Time to rant

Discussion in 'Fibromyalgia Main Forum' started by SherylS, Apr 24, 2012.

  1. SherylS

    SherylS Member

    I am sorry, but some days I just get so fed up and p****d off!!! Here we are, trying to do every possible thing we can think of to have some kind of a life---eliminating foods, eating healthy, taking supplements, spending all our time researching and trying to find doctors that actually know something. And no matter what we do, we still seem to be in the same place---can't work,can't go out and have a good time doing the things we love, house-bound or maybe even bed bound. And everywhere I look, I see people who should be unhealthy---many pounds overweight, eating a diet of fast food and sodas. And yet, there they are, doing all the things I can't!!!
    Ok, everyone knows life isn't fair, but COME ON!!!
    [This Message was Edited on 04/24/2012]
  2. mbofov

    mbofov Active Member

    You're absolutely right, it ain't fair! But c'est la vie -

    The only good thing is that if/when we regain our health we are going to be the healthiest people around! Eating right, taking supplements etc. for years is bound to pay off. I recently had some heart tests and my heart and arteries are in very good shape, no plaque or anything, despite no exercise for almost 14 years due to CFS crashing, and I know this is because my diet is so *&% good, mainly to maintain my weight since I can't exercise.

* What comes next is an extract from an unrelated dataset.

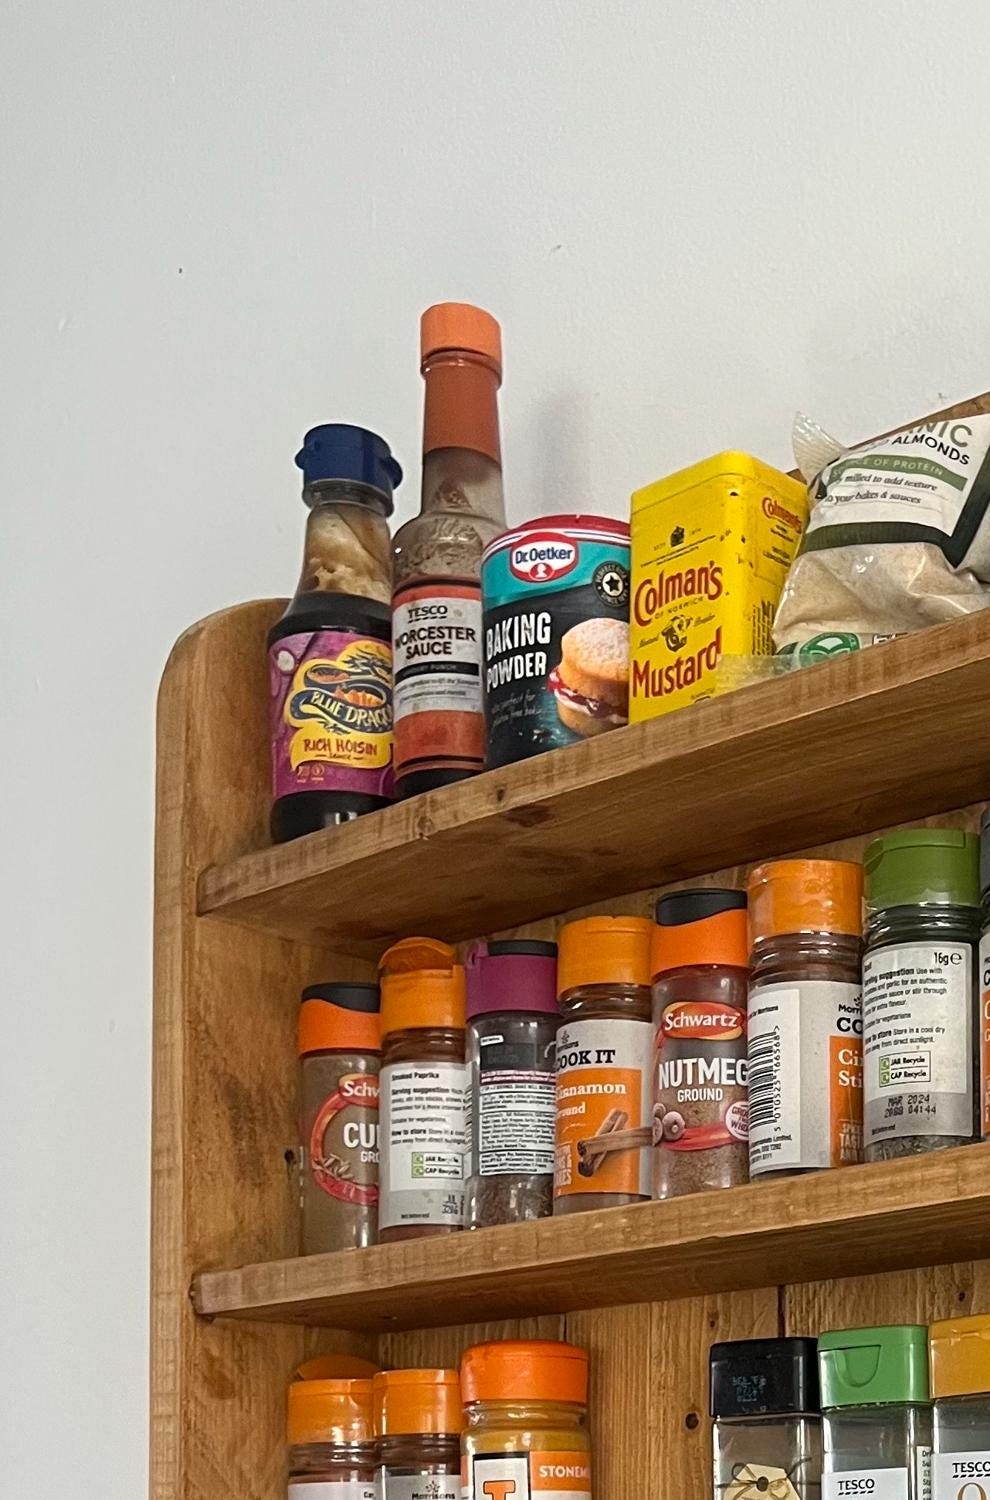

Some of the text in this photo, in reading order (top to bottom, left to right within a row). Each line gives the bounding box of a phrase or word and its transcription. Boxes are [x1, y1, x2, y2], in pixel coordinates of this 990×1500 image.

    And those people eating crap etc. will pay a price down the road.

    Now if only I could do something with this healthy heart of mine! :) something I used to love, hiking, swimming - I'd almost kill to be able to swim again ....

    Take care -

  3. rosemarie

    rosemarie Member

    Our daily struggle with fibro is hard on each of us in our own ways. I to rant and rave because no one gets it or understands why I take my pain meds.
    I also see how blessed we are to live in this day and age. Less than 20 yrs ago even 10 yrs ago we were blown off as your depressed, overweight, it's this or that or it is all in your mind.

    Then I read what GB66 wrote and my heart breaks for her and her sister and family. How hard that must have been for you to go thru. I know so many other people who are in far worse shape than I am and yet it is human nature to want our own lives to be better with out pain , sadness's, illness's. We have no control over our lives health wise , we have the genes that our parents gave us and some of those genes are not good ones. I am one who has not only early heart disease, breast cancer, other types of cancer. And I sit and whine about how rotten I feel, when my life could be much worse.

    I have gone thru my share of trails and pains in life. I lost my dad just 9 days before I turned 13 yrs old. My grandma passed away a year later, my FIL had an dx'ed condition that made his life hell, my BIL died of the same thing his father did. I was so blessed to have such a wonderful FIL who loved me and I still think of him as my Dad. Now I have lost all my grandparents, both MIL and FIL, Grandparents in law and BIL. I am watching my mom get weaker daily. I see her struggle each day just to eat swollow any thing, those muscles don't work any more, Her vision is bad and her hearing is bad, she can't remember so many things I thought she would never forget but she has. It really upsets her that she can't remember what she wanted to say in the middle of a converstion.

    Sorry I don't mean to go on about all the illness's in my family it is not a pity party for me please don't take it that way. I wrote this because I have to stop and remind my self that my life could be so much worse. I have my issues and fight with them daily. I get told alot . "Mom did you hear that Disability will be gone by 2015? But that still gives you time to get off ALL YOUR PAIN meds". What do I say to that? I hope that it does not happen as I will be up a creek with out a paddle, But as I have heard so often "Don't worry about the things you can't change" Accpet and deal with the ones you can change.

    So as I look forward I have to try daily to have a postive attitude about this DD and it's efects on me. I remember when I was a child my best friends mother had to have her ankle fused due to having had polio as a child. How sad was that? We still need to keep up on all immuneizations {sorry about the spelling} so that we don't pass these nasty diease's on to a future generation.

    I do have a question for everyone , does any one know if medicare will pay for any immunaztions such as whooping cough I need to have a booster. We have had an out break of it in a town that is less than 5 miles away from where I live. Also we have had some signs of TB in Utah. So all the disease's we once thought were long gone are not.

    Sorry about all the preaching, I don't mean to do that. I want you all to know how blessed I am to live at this point in time where I have been blessed with three beautiful daughters and 7 grandkids and still have my mom with me and a great hubby. This DD gets to all of us at one time or another so take it minute by minute at a time. I do that daily.
    Thanks for all of you who read my posts and don'ttell me to stop whining.